> [TASK STATEMENT] Exact copy, no pictures: output each line below as it stands.

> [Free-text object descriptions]
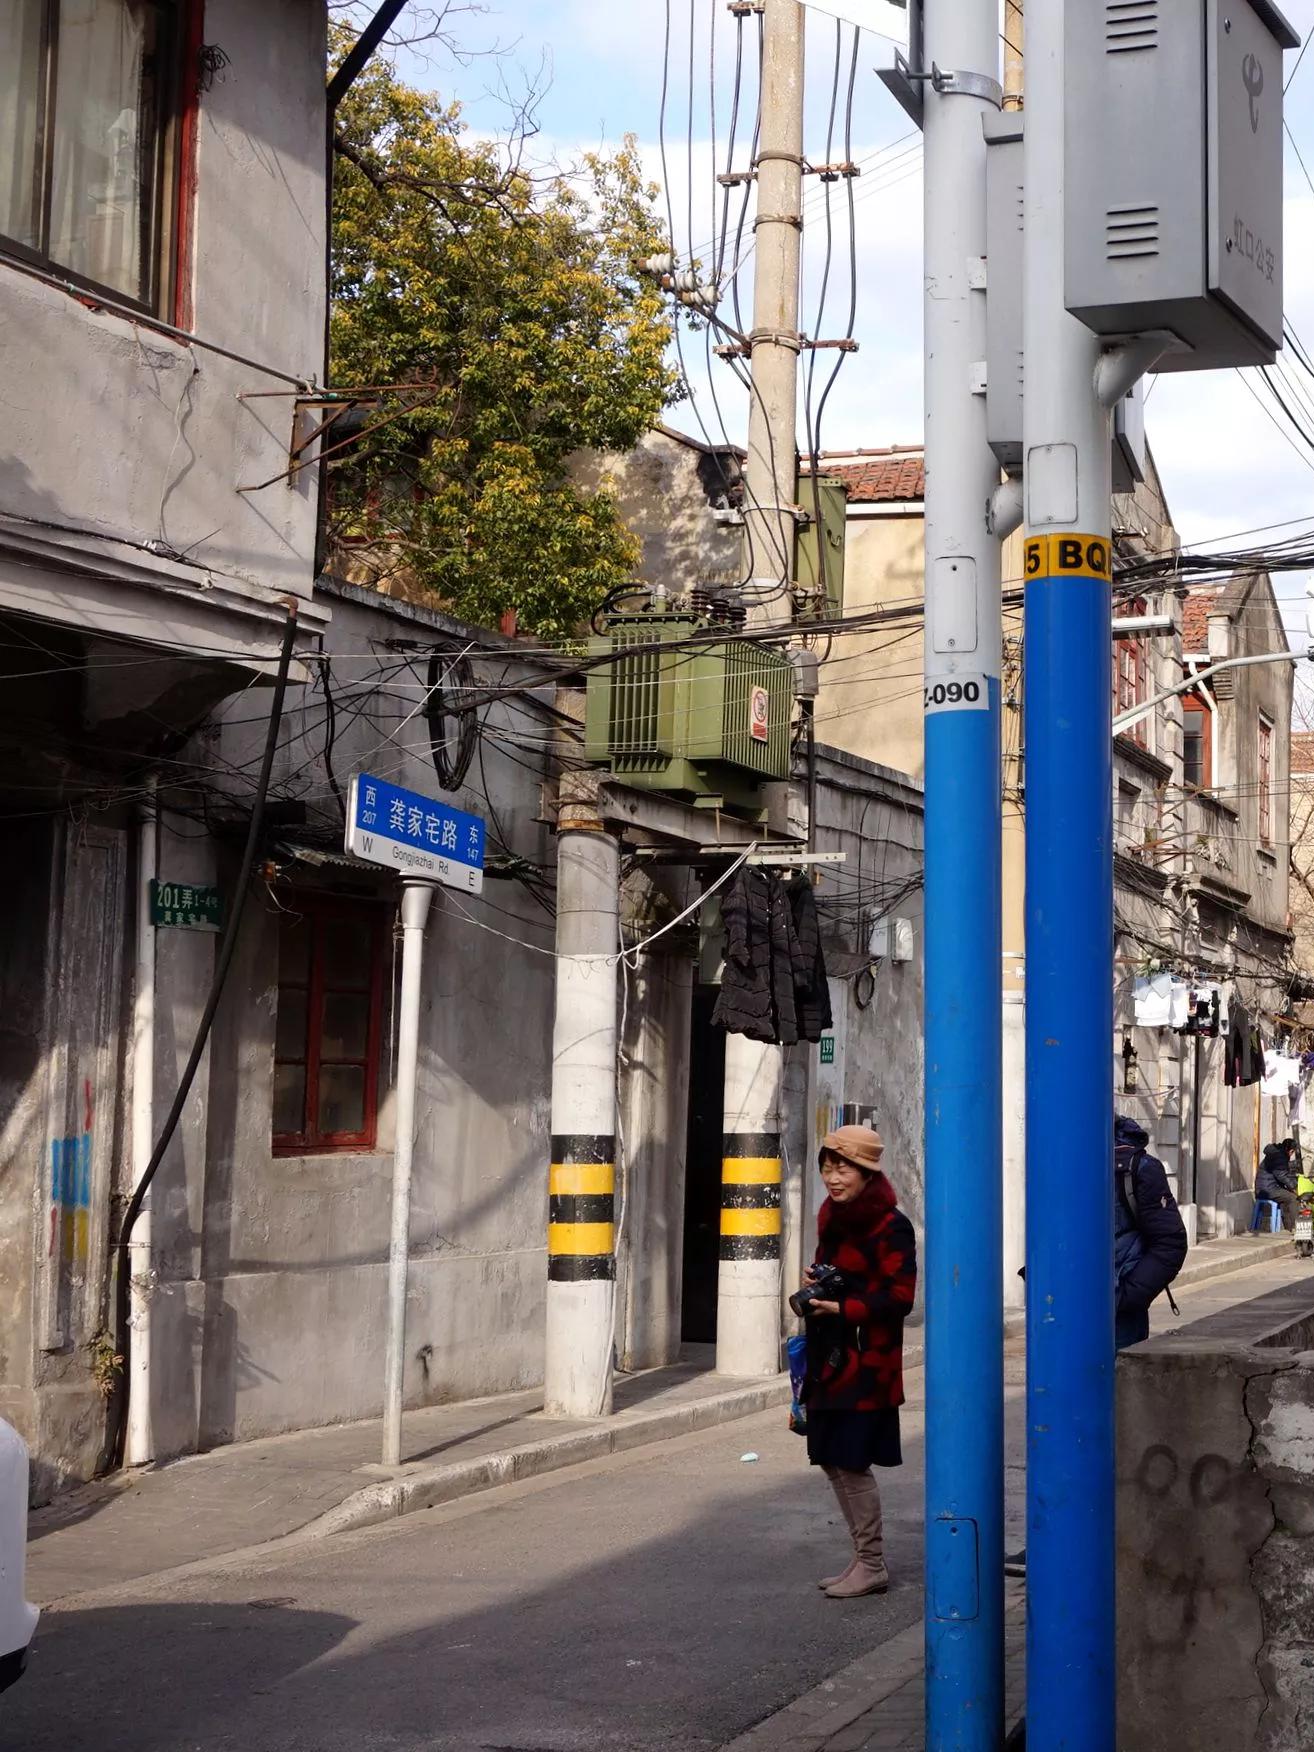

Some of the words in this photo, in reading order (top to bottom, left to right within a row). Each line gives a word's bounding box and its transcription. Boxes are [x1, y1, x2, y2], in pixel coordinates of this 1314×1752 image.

[1024, 543, 1041, 575] 5
[1058, 540, 1111, 577] BQ
[365, 785, 377, 807] 西
[362, 809, 377, 825] 207
[389, 798, 458, 852] 龚家宅路
[469, 825, 479, 844] 东
[362, 836, 374, 853] W
[467, 847, 479, 861] 147
[392, 846, 435, 870] Gongjiazhai
[468, 871, 475, 887] E

> [SOLUTION TO THIS EXERCISE]
Some of the words in this photo, in reading order (top to bottom, left to right within a row). Each line gives a word's bounding box and its transcription. Boxes are [x1, y1, x2, y2], in pixel coordinates of this 1314×1752 image.

[1024, 543, 1041, 575] 5
[1058, 540, 1111, 577] BQ
[365, 785, 377, 807] 西
[362, 809, 377, 825] 207
[389, 798, 458, 852] 龚家宅路
[469, 825, 479, 844] 东
[362, 836, 374, 853] W
[467, 847, 479, 861] 147
[392, 846, 435, 870] Gongjiazhai
[468, 871, 475, 887] E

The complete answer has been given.